That's right, we need to end fossil fuel usage right now. If we don't switch solely to solar and wind worldwide in the next ten years there's going to be an apocalyptic ecological event. It's a climate crisis. I don't understand why people can't just follow the science. It doesn't matter how much food and energy prices would rise if fossil fuels were abruptly banned; a few poor peoples' ability to eat or stay warm is nothing in the face of the climate crisis.
> a few poor peoples' ability to eat or stay warm is nothing in the face of the climate crisis.
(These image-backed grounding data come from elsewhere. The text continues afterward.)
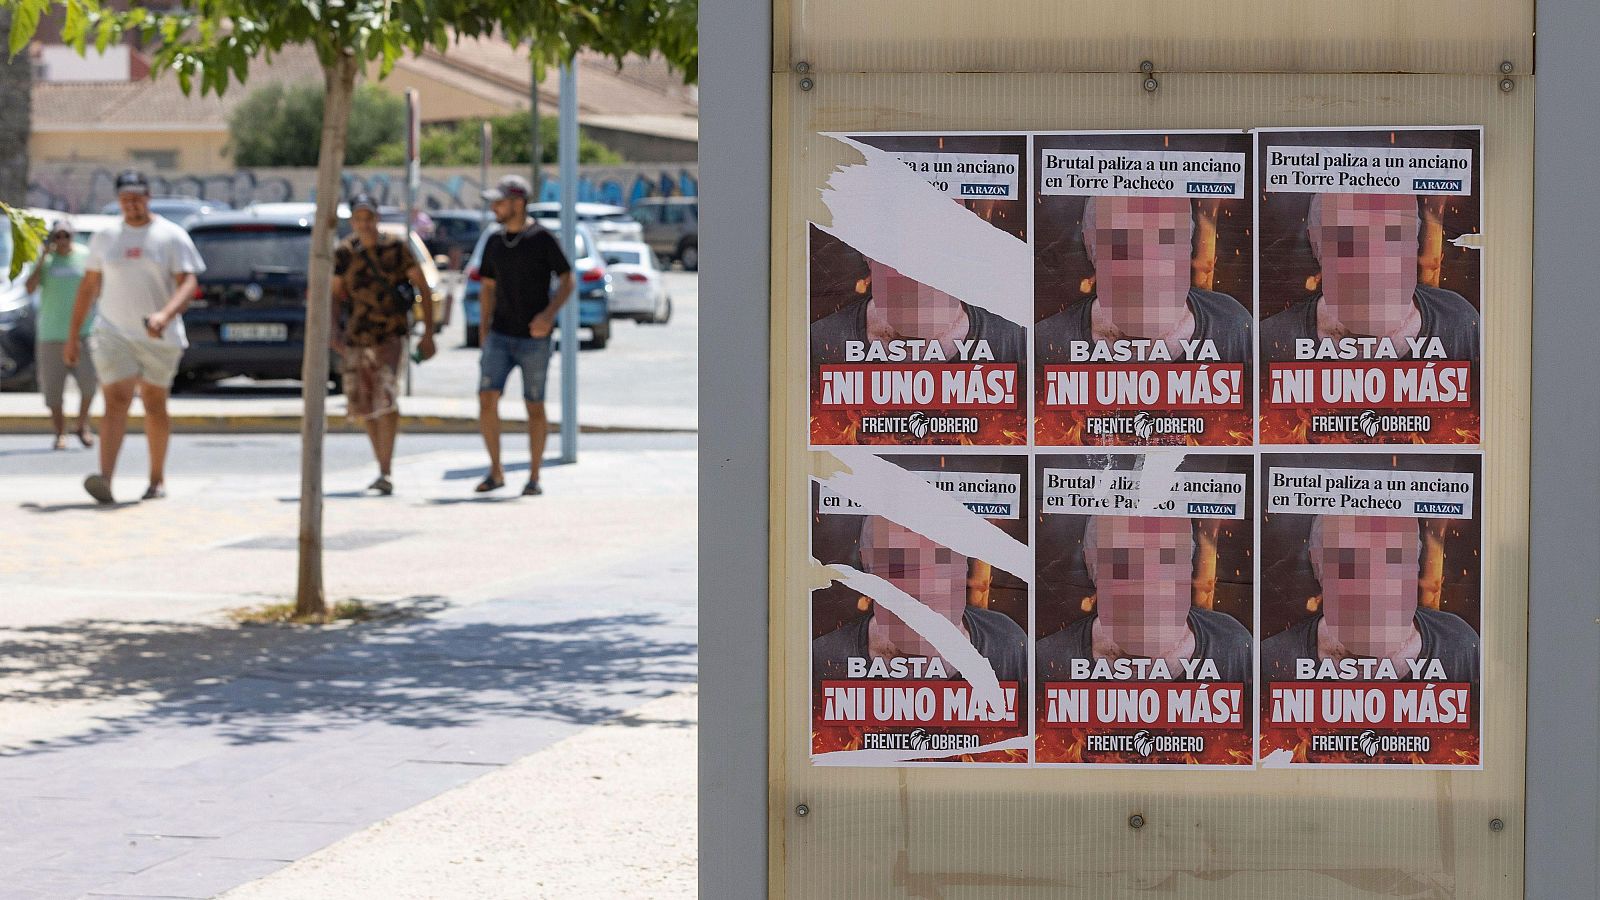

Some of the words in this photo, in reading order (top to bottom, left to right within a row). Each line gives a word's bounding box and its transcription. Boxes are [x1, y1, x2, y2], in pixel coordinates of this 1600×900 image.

[921, 162, 929, 172] a
[934, 162, 952, 172] un
[956, 160, 1014, 174] anciano
[1046, 154, 1094, 170] Brutal
[1098, 156, 1142, 174] paliza
[1146, 162, 1154, 172] a
[1160, 161, 1178, 172] un
[1182, 158, 1241, 173] anciano
[1270, 152, 1320, 167] Brutal
[1324, 154, 1368, 170] paliza
[1372, 159, 1381, 168] a
[1385, 158, 1404, 168] un
[1409, 155, 1468, 170] anciano
[1045, 177, 1063, 188] en
[1066, 174, 1108, 189] Torre
[1113, 175, 1174, 191] Pacheco
[1270, 174, 1288, 185] en
[1292, 172, 1334, 186] Torre
[1338, 172, 1400, 187] Pacheco
[846, 340, 946, 362] BASTA
[953, 340, 994, 361] YA
[1070, 340, 1171, 362] BASTA
[1180, 340, 1221, 360] YA
[1296, 337, 1398, 360] BASTA
[1406, 336, 1447, 359] YA
[822, 371, 864, 405] ¡NI
[871, 370, 934, 405] UNO
[942, 364, 1015, 405] MÁS!
[1046, 371, 1088, 405] ¡NI
[1096, 370, 1160, 405] UNO
[1167, 364, 1241, 404] MÁS!
[1272, 369, 1314, 403] ¡NI
[1321, 368, 1386, 403] UNO
[1394, 362, 1468, 403] MÁS!
[862, 417, 908, 433] FRENTE
[930, 417, 978, 433] OBRERO
[1087, 418, 1132, 434] FRENTE
[1155, 418, 1203, 433] OBRERO
[1312, 416, 1358, 432] FRENTE
[1382, 416, 1430, 432] OBRERO
[959, 479, 1016, 493] anciano
[1048, 474, 1095, 489] Brutal
[1184, 479, 1241, 493] anciano
[1273, 473, 1321, 488] Brutal
[1325, 476, 1369, 492] paliza
[1374, 481, 1382, 490] a
[1387, 480, 1406, 490] un
[1410, 478, 1469, 493] anciano
[824, 496, 840, 506] en
[1047, 496, 1064, 506] en
[1272, 496, 1290, 506] en
[1294, 493, 1336, 507] Torre
[1340, 494, 1401, 510] Pacheco
[847, 657, 947, 678] BASTA
[1071, 658, 1172, 680] BASTA
[1180, 658, 1221, 680] YA
[1296, 658, 1398, 680] BASTA
[1406, 658, 1447, 680] YA
[824, 688, 865, 721] ¡NI
[873, 687, 936, 721] UNO
[1048, 689, 1088, 722] ¡NI
[1096, 688, 1160, 723] UNO
[1167, 683, 1240, 723] MÁS!
[1272, 689, 1314, 722] ¡NI
[1321, 688, 1386, 723] UNO
[1394, 683, 1468, 723] MÁS!
[864, 734, 909, 749] FRENTE
[932, 734, 979, 750] OBRERO
[1087, 736, 1132, 752] FRENTE
[1155, 736, 1204, 752] OBRERO
[1312, 736, 1358, 752] FRENTE
[1382, 736, 1430, 752] OBRERO
Or maybe, in such a case, the people who have actually been consuming (and emitting) like there is no tomorrow all these decades should make substantial adjustments to their lifestyle (i.e. pay more taxes), so that the people who have been consuming nothing can eat. Sounds a bit more reasonable to me. And we are not talking about a few people, especially if you are referring to the whole world.
Actually, for a brief moment I thought you were joking.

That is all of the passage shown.